Exercise input:
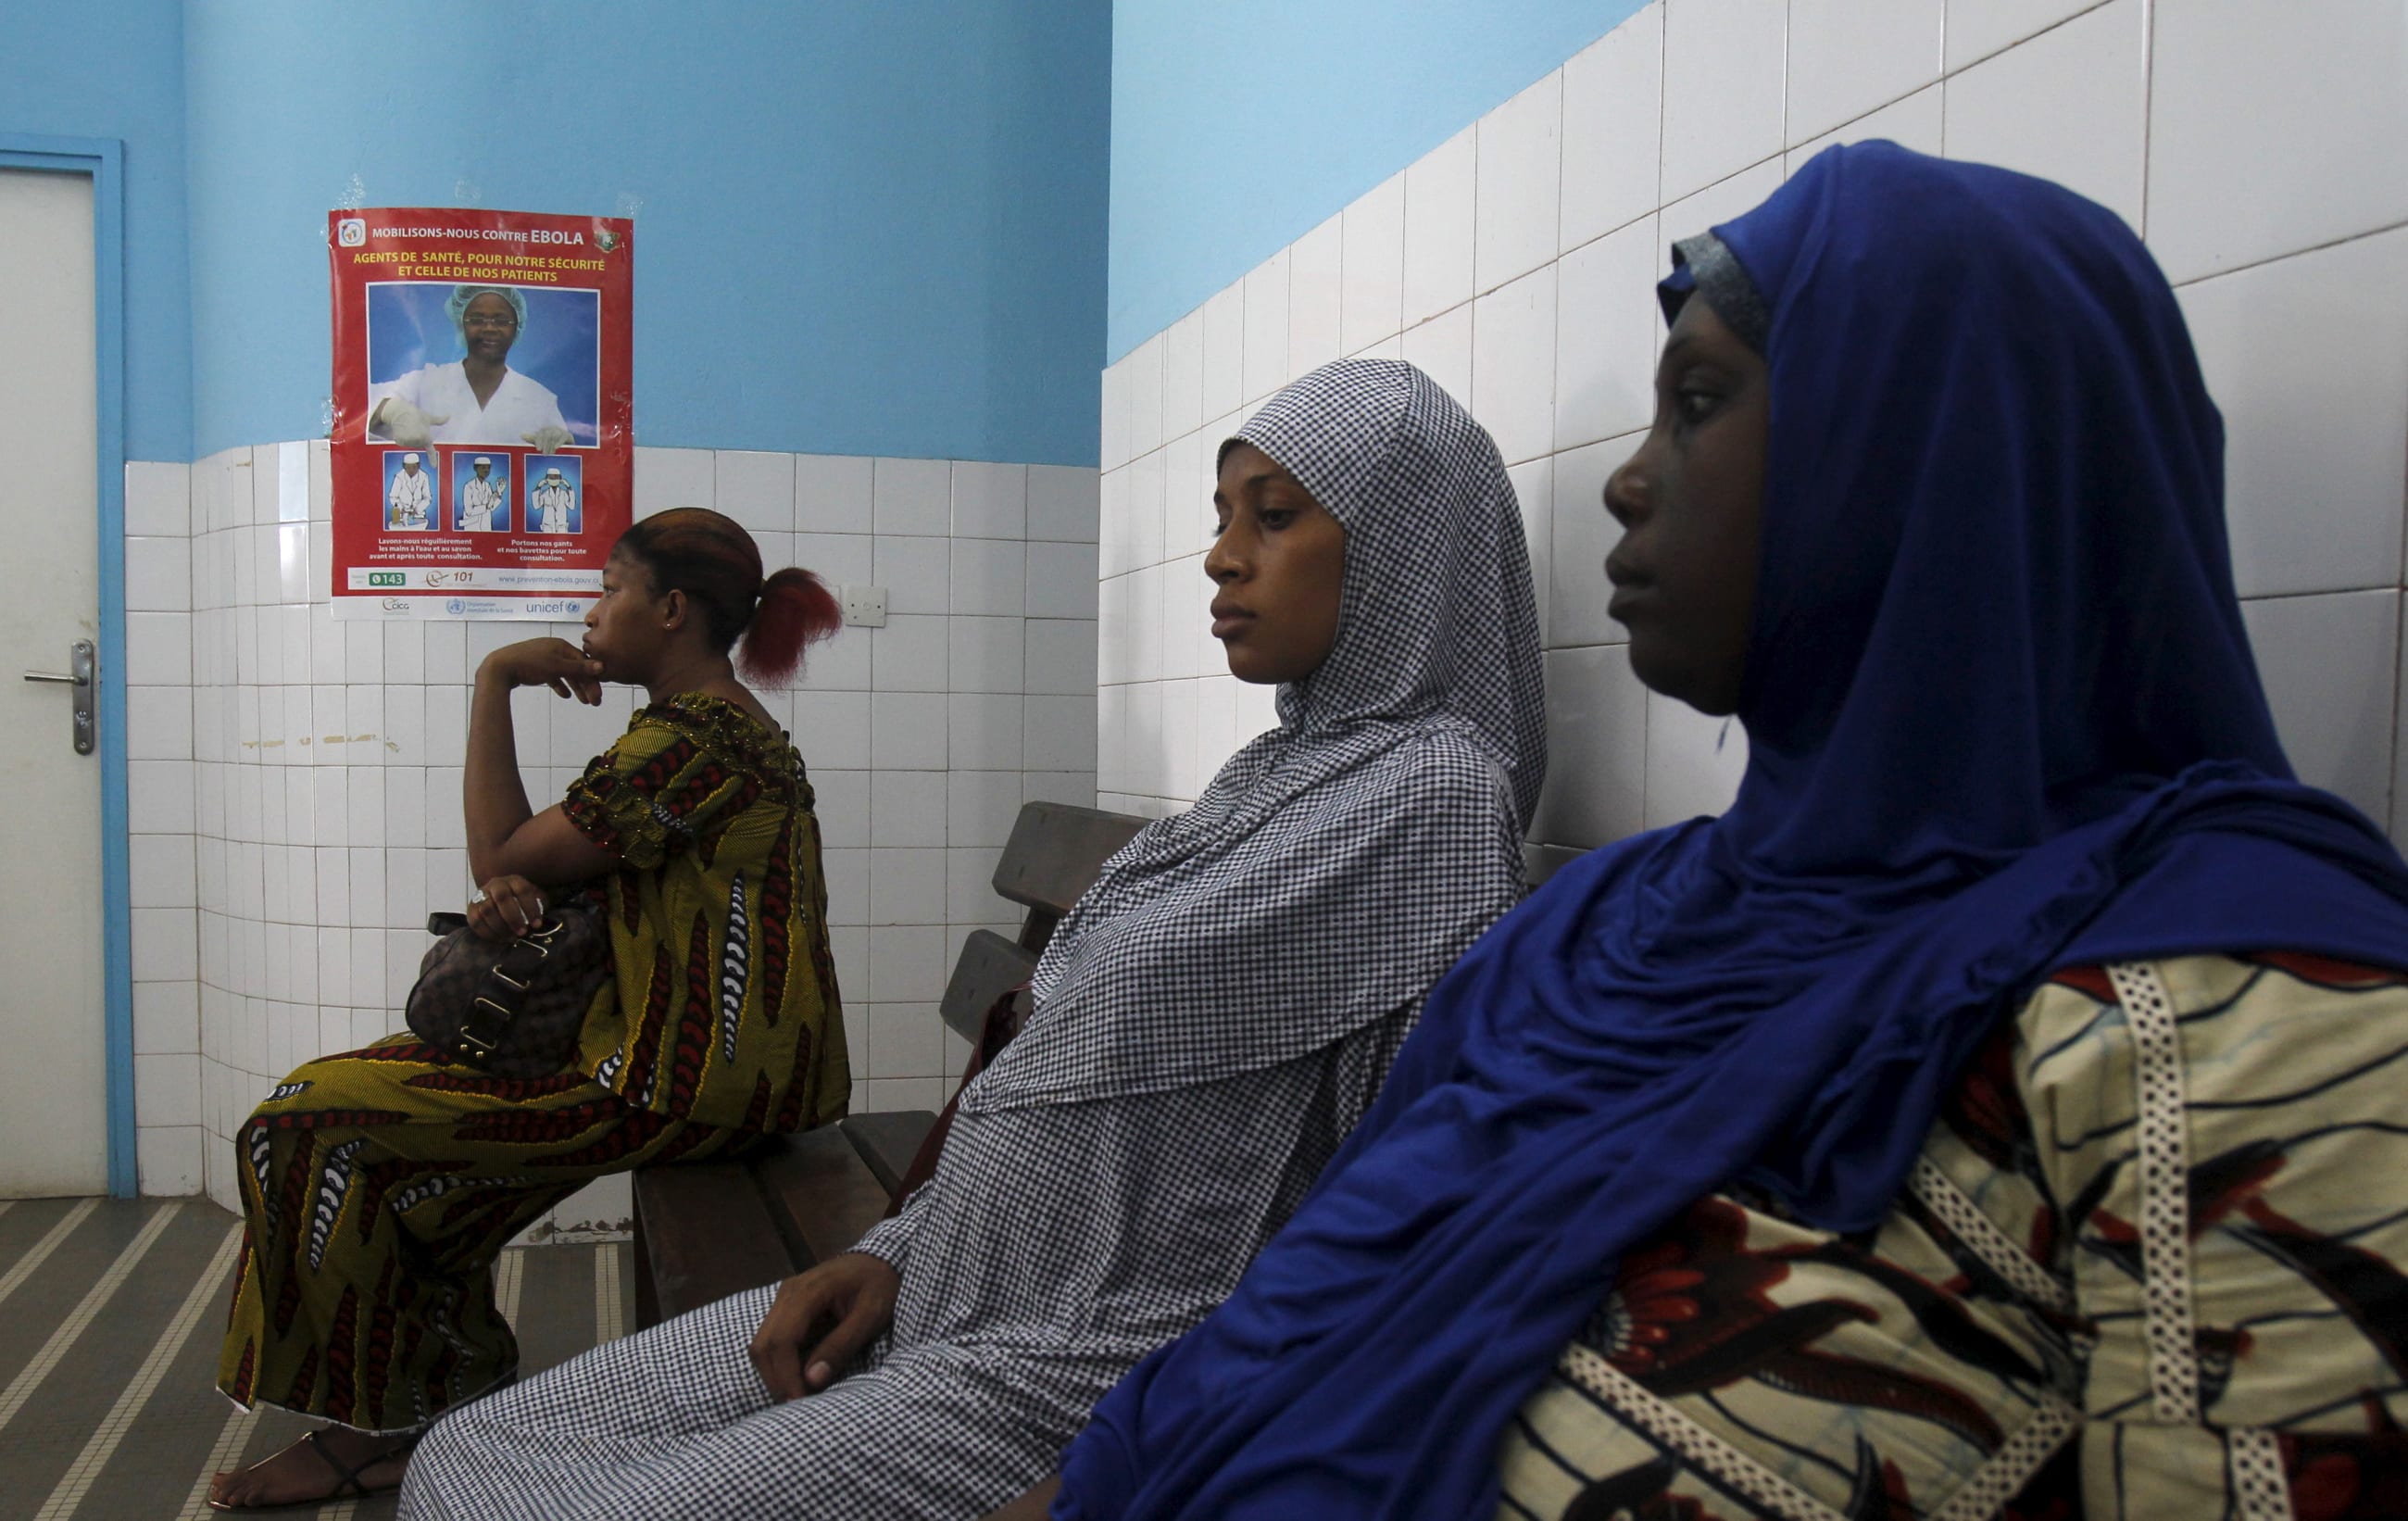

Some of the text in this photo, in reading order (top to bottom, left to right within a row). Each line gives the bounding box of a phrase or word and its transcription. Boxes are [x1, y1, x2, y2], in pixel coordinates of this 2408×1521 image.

[372, 228, 584, 245] MOBILISONS-NOUS CONTRE EBOLA
[354, 251, 605, 270] AGENTS DE SANTÉ, POUR NOTRE SÉCURITÉ
[398, 266, 558, 282] ET CELLE DE NOS PATIENTS
[383, 574, 403, 585] 143
[454, 572, 473, 582] 101
[526, 601, 563, 612] unicef

Your assignment:
Would you give the data above again word for word, skipping any images?

Answer to the problem:
Some of the text in this photo, in reading order (top to bottom, left to right within a row). Each line gives the bounding box of a phrase or word and its transcription. Boxes are [x1, y1, x2, y2], in pixel coordinates of this 2408×1521 image.

[372, 228, 584, 245] MOBILISONS-NOUS CONTRE EBOLA
[354, 251, 605, 270] AGENTS DE SANTÉ, POUR NOTRE SÉCURITÉ
[398, 266, 558, 282] ET CELLE DE NOS PATIENTS
[383, 574, 403, 585] 143
[454, 572, 473, 582] 101
[526, 601, 563, 612] unicef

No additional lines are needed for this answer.